Creating tables of descriptive statistics in Stata 18: The new dtable command
In Stata 17, we introduced the new collect suite of commands for creating and customizing tables and the etable command for easily creating and exporting a table of estimation results. Stata 18 offers another new command, dtable, that easily builds and exports a table of descriptive statistics, often called Table 1 in publications. Now generating tables of descriptive statistics for both categorical and continuous variables is easier than ever. It is worth mentioning that the twin commands etable and dtable are both built on the collect framework we introduced in Stata 17, so they share a lot of properties.
In this post, I’ll demonstrate how to create and export simple tables of descriptive statistics and more complex ones that display statistics by group, test for differences across groups, and more. I will also show how you can use the collect suite of commands to further customize the look of your tables and how to include tables created with dtable in complete reports.
A simple example
Before Stata 18, if we wanted to generate a table of descriptive statistics (to be included in a publication later), we might have used summarize to obtain summary statistics for continuous variables and tabulate to report the frequencies, proportions, or percentages for categorical variables. Let’s use auto.dta (1978 automobile data) to demonstrate that:
. sysuse auto, clear (1978 automobile data) . summarize price weight mpg Variable | Obs Mean Std. dev. Min Max -------------+--------------------------------------------------------- price | 74 6165.257 2949.496 3291 15906 weight | 74 3019.459 777.1936 1760 4840 mpg | 74 21.2973 5.785503 12 41 . tabulate rep78 Repair | record 1978 | Freq. Percent Cum. ------------+----------------------------------- 1 | 2 2.90 2.90 2 | 8 11.59 14.49 3 | 30 43.48 57.97 4 | 18 26.09 84.06 5 | 11 15.94 100.00 ------------+----------------------------------- Total | 69 100.00
These commands computed the statistics for us. However, manually typing all of these numbers into a nicely formatted table is tedious work, and it is not reproducible when we have new data.

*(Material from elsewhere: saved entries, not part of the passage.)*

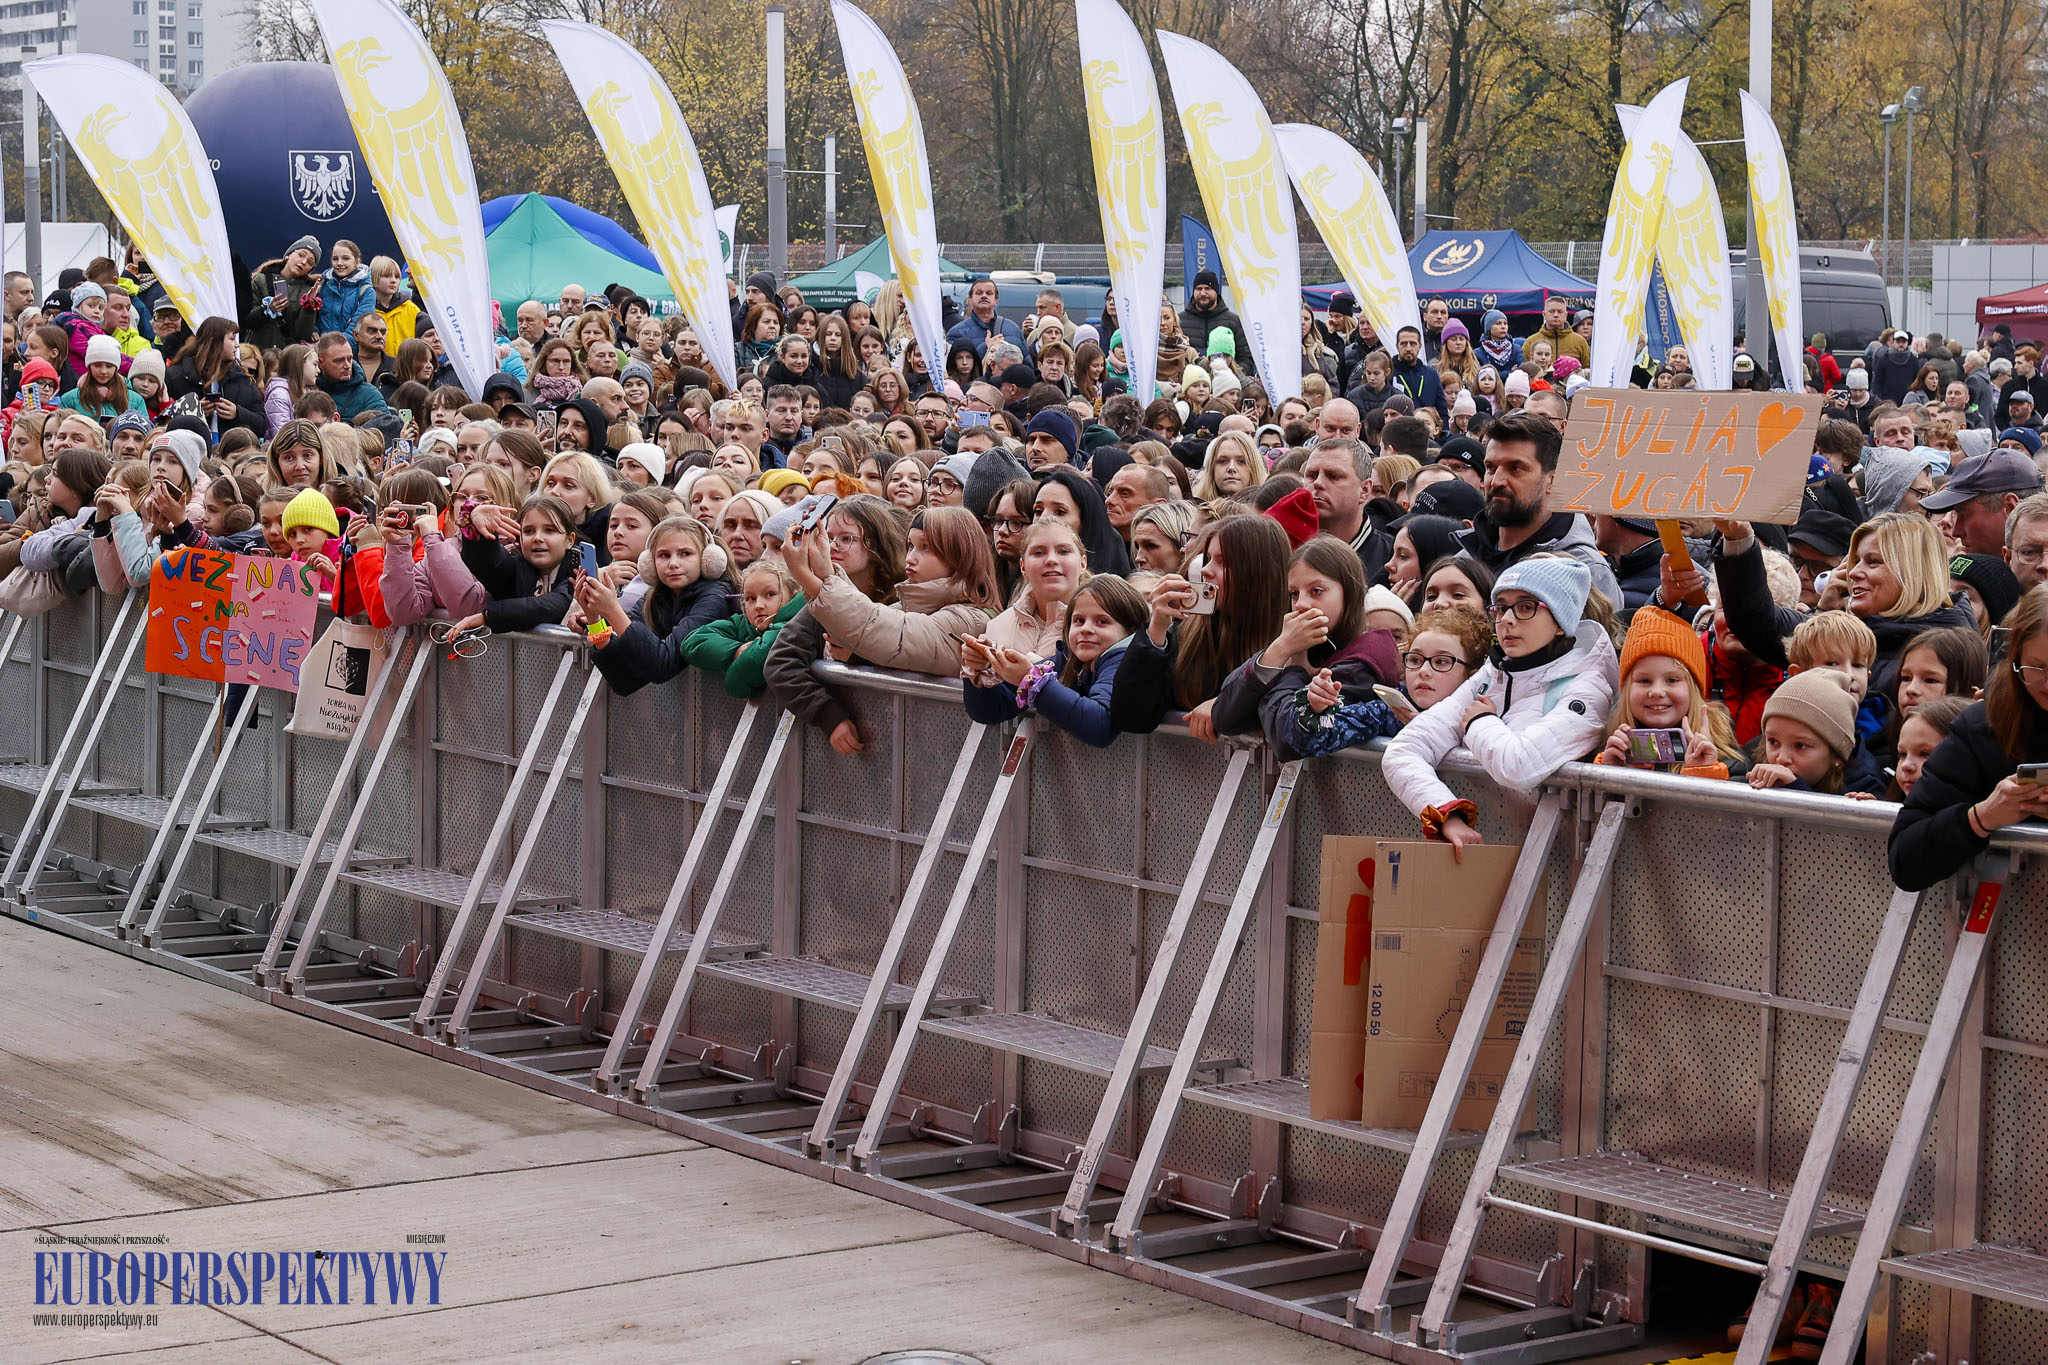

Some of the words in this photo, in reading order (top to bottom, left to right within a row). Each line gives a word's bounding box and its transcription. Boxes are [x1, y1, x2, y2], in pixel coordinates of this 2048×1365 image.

[1445, 298, 1477, 309] KOLEI
[1576, 395, 1740, 460] JULIA
[1563, 457, 1755, 516] ŻUGAJ
[160, 551, 233, 592] WEŹ
[245, 560, 318, 597] NAS
[214, 599, 249, 621] NA
[173, 615, 304, 687] SCENĘ
[327, 697, 347, 710] TORBA
[347, 704, 357, 712] NA
[1372, 983, 1383, 997] 12
[1371, 1001, 1382, 1016] 00
[1369, 1020, 1381, 1036] 59

In comparison, with dtable, we can type
. dtable price weight mpg i.rep78 ---------------------------------------- Summary ---------------------------------------- N 74 Price 6,165.257 (2,949.496) Weight (lbs.) 3,019.459 (777.194) Mileage (mpg) 21.297 (5.786) Repair record 1978 1 2 (2.9%) 2 8 (11.6%) 3 30 (43.5%) 4 18 (26.1%) 5 11 (15.9%) ----------------------------------------
Just as easy as that, we have built a table showing the sample size of the data, means, and standard deviations for the specified continuous variables (price, weight, and mpg), as well as frequencies and percentages for levels of the specified categorical variable (rep78).

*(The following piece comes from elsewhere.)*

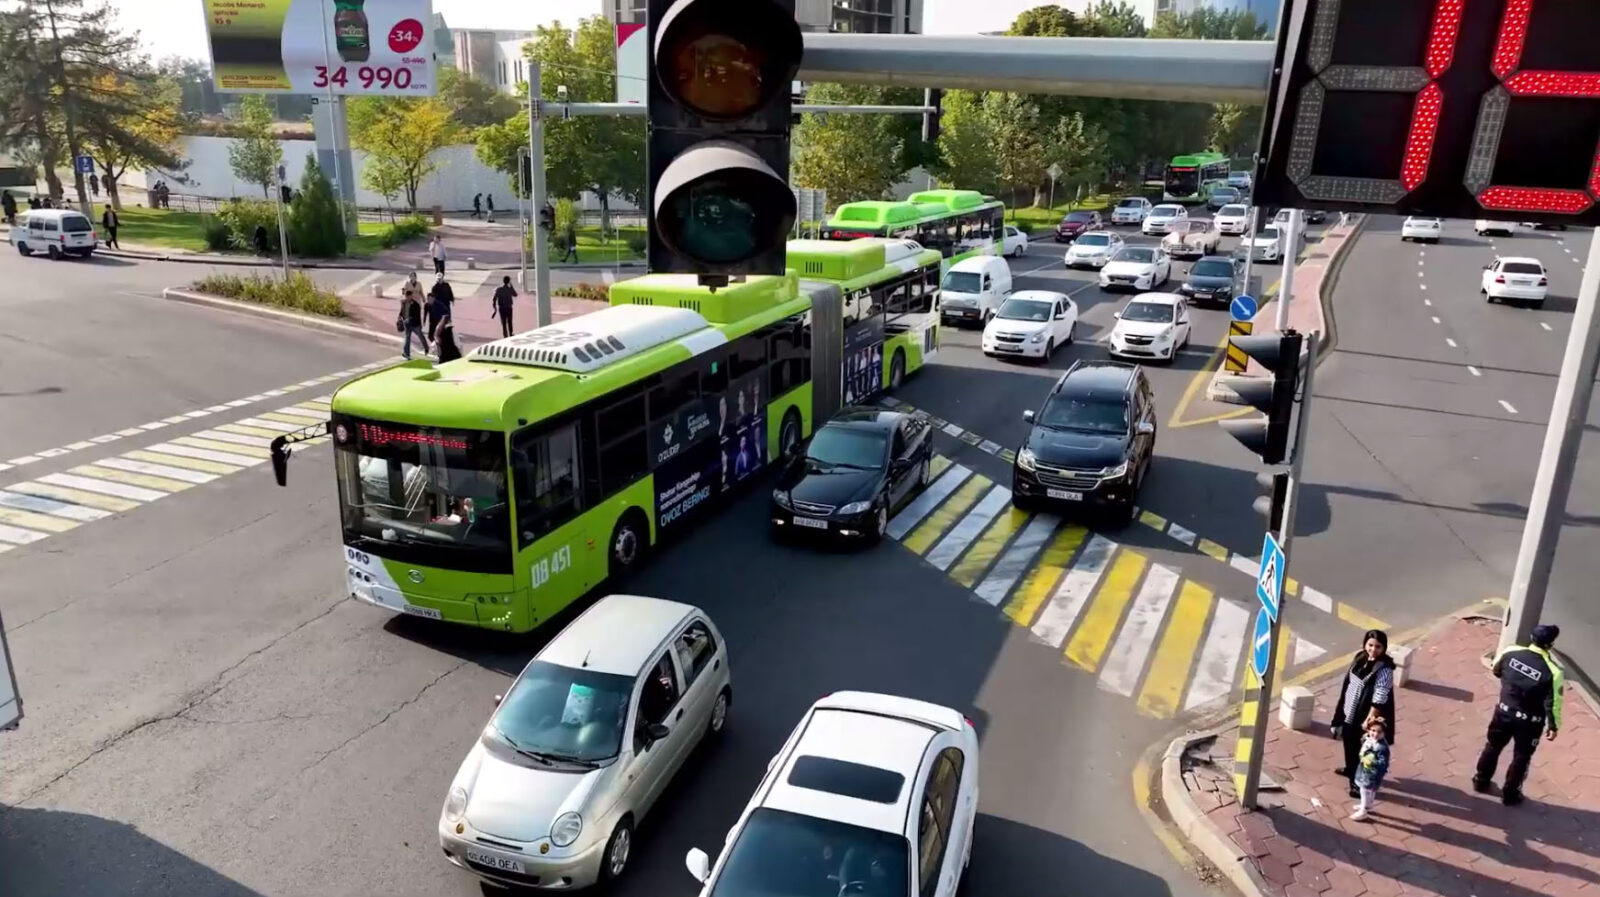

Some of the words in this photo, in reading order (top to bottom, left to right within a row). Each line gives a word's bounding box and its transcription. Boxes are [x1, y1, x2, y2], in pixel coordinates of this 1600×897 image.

[313, 66, 348, 88] 34
[358, 66, 412, 89] 990
[660, 503, 682, 527] OVOZ
[551, 545, 571, 574] 451

In addition to the results for the full sample, we can request the above statistics separately for each category of a group variable such as foreign by adding the by() option:
. dtable price weight mpg i.rep78, by(foreign) ------------------------------------------------------------------------------------ Car origin Domestic Foreign Total ------------------------------------------------------------------------------------ N 52 (70.3%) 22 (29.7%) 74 (100.0%) Price 6,072.423 (3,097.104) 6,384.682 (2,621.915) 6,165.257 (2,949.496) Weight (lbs.) 3,317.115 (695.364) 2,315.909 (433.003) 3,019.459 (777.194) Mileage (mpg) 19.827 (4.743) 24.773 (6.611) 21.297 (5.786) Repair record 1978 1 2 (4.2%) 0 (0.0%) 2 (2.9%) 2 8 (16.7%) 0 (0.0%) 8 (11.6%) 3 27 (56.2%) 3 (14.3%) 30 (43.5%) 4 9 (18.8%) 9 (42.9%) 18 (26.1%) 5 2 (4.2%) 9 (42.9%) 11 (15.9%) ------------------------------------------------------------------------------------We can suppress the column for the total sample using the suboption nototal within by(). And we can export the table to a Word document, myfile.docx, using the option export():
. dtable price weight mpg i.rep78, by(foreign, nototal) > export(myfile.docx, replace) (output omitted)

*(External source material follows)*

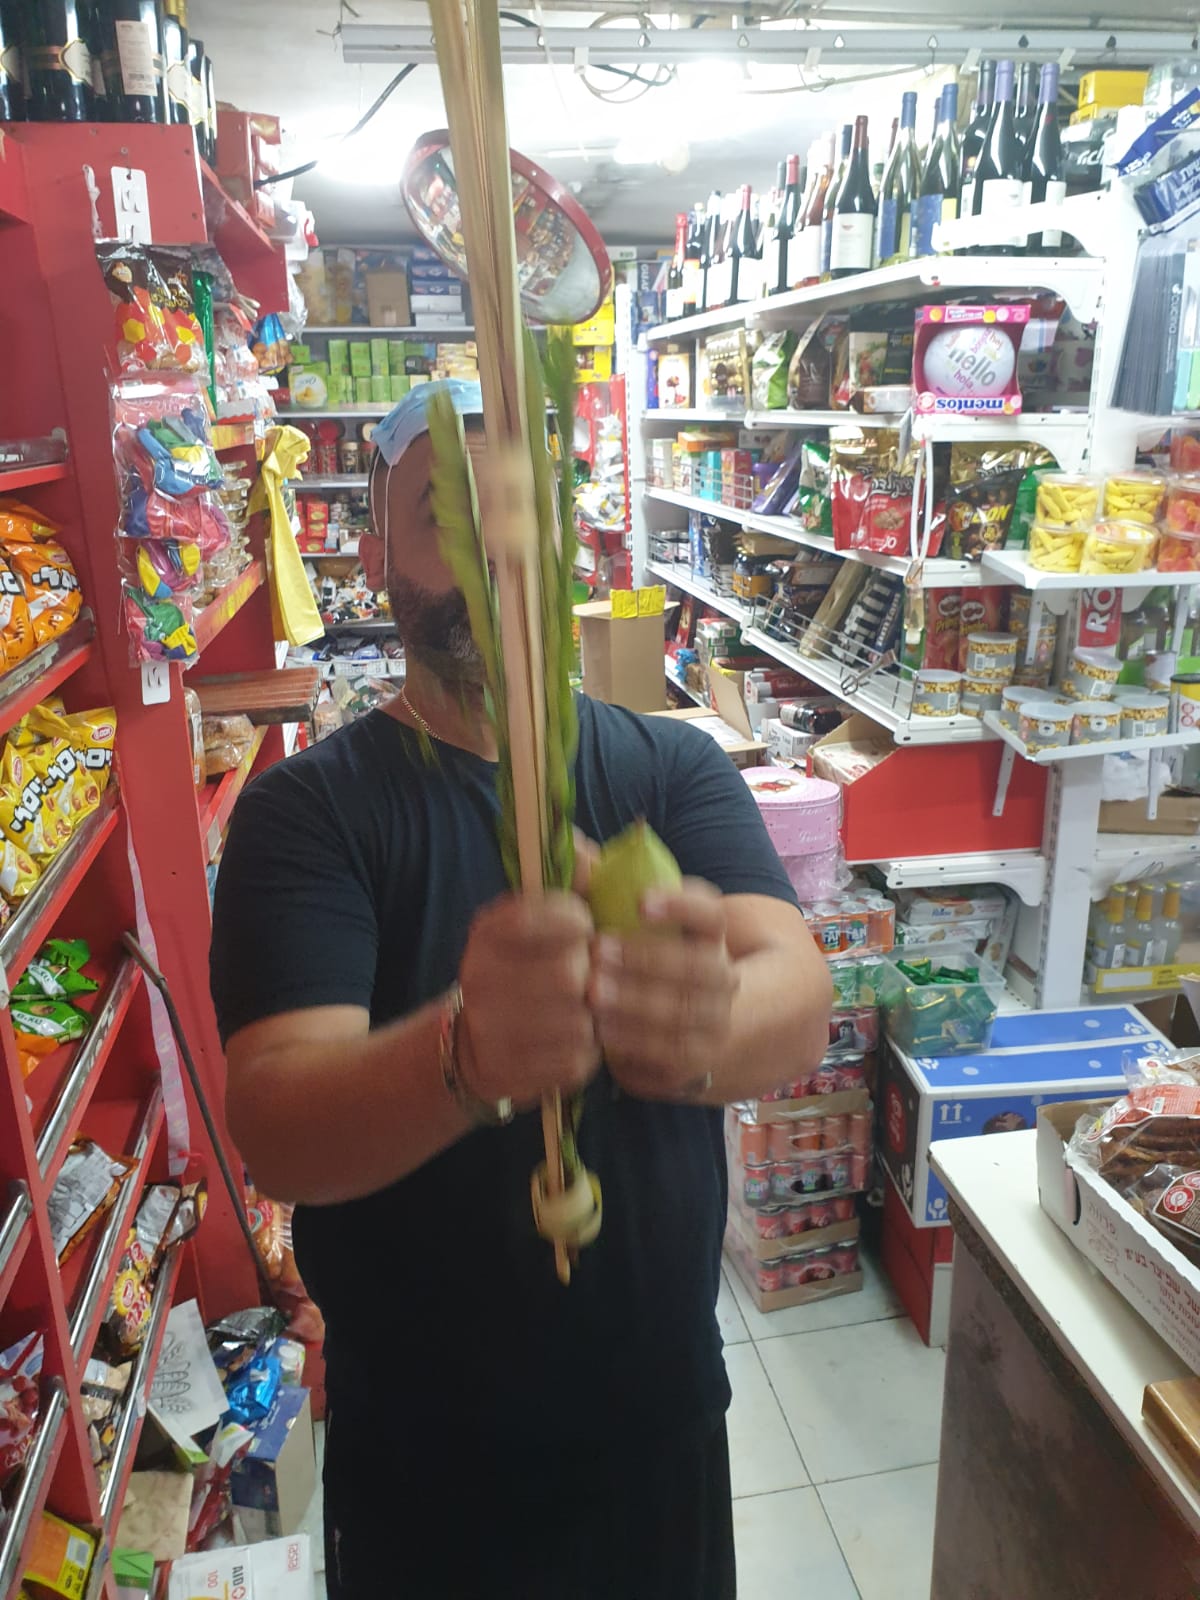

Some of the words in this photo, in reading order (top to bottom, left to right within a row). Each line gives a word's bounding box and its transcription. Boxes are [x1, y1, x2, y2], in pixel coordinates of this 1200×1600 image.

The exported table looks like
Request customized statistics and tests
By default, dtable reports sample size for the dataset, means and standard deviations for continuous variables, and frequencies and percentages for categorical variables. But we can request other descriptive statistics such as medians and interquartile ranges. We can even specify different statistics for different variables in the same table. Before we move to a more advanced example, I want to show you the dialog box of dtable.
Go to the menu Statistics > Summaries, tables, and tests > Table of descriptive statistics to open the dialog box for dtable.
It is a good idea to browse through the tabs in the dialog box to get familiar with this command. It is a great way to explore what we can do using dtable. I want to highlight three tabs and leave the others for you to explore.
- On the Main tab, we can specify both continuous variables and categorical variables of our research interest (using the i. factor-variable notation to indicate a categorical variable). We can also specify the by variable. We can control other things like whether we want to show the test result across the by groups, whether we want to show the sample statistics, etc.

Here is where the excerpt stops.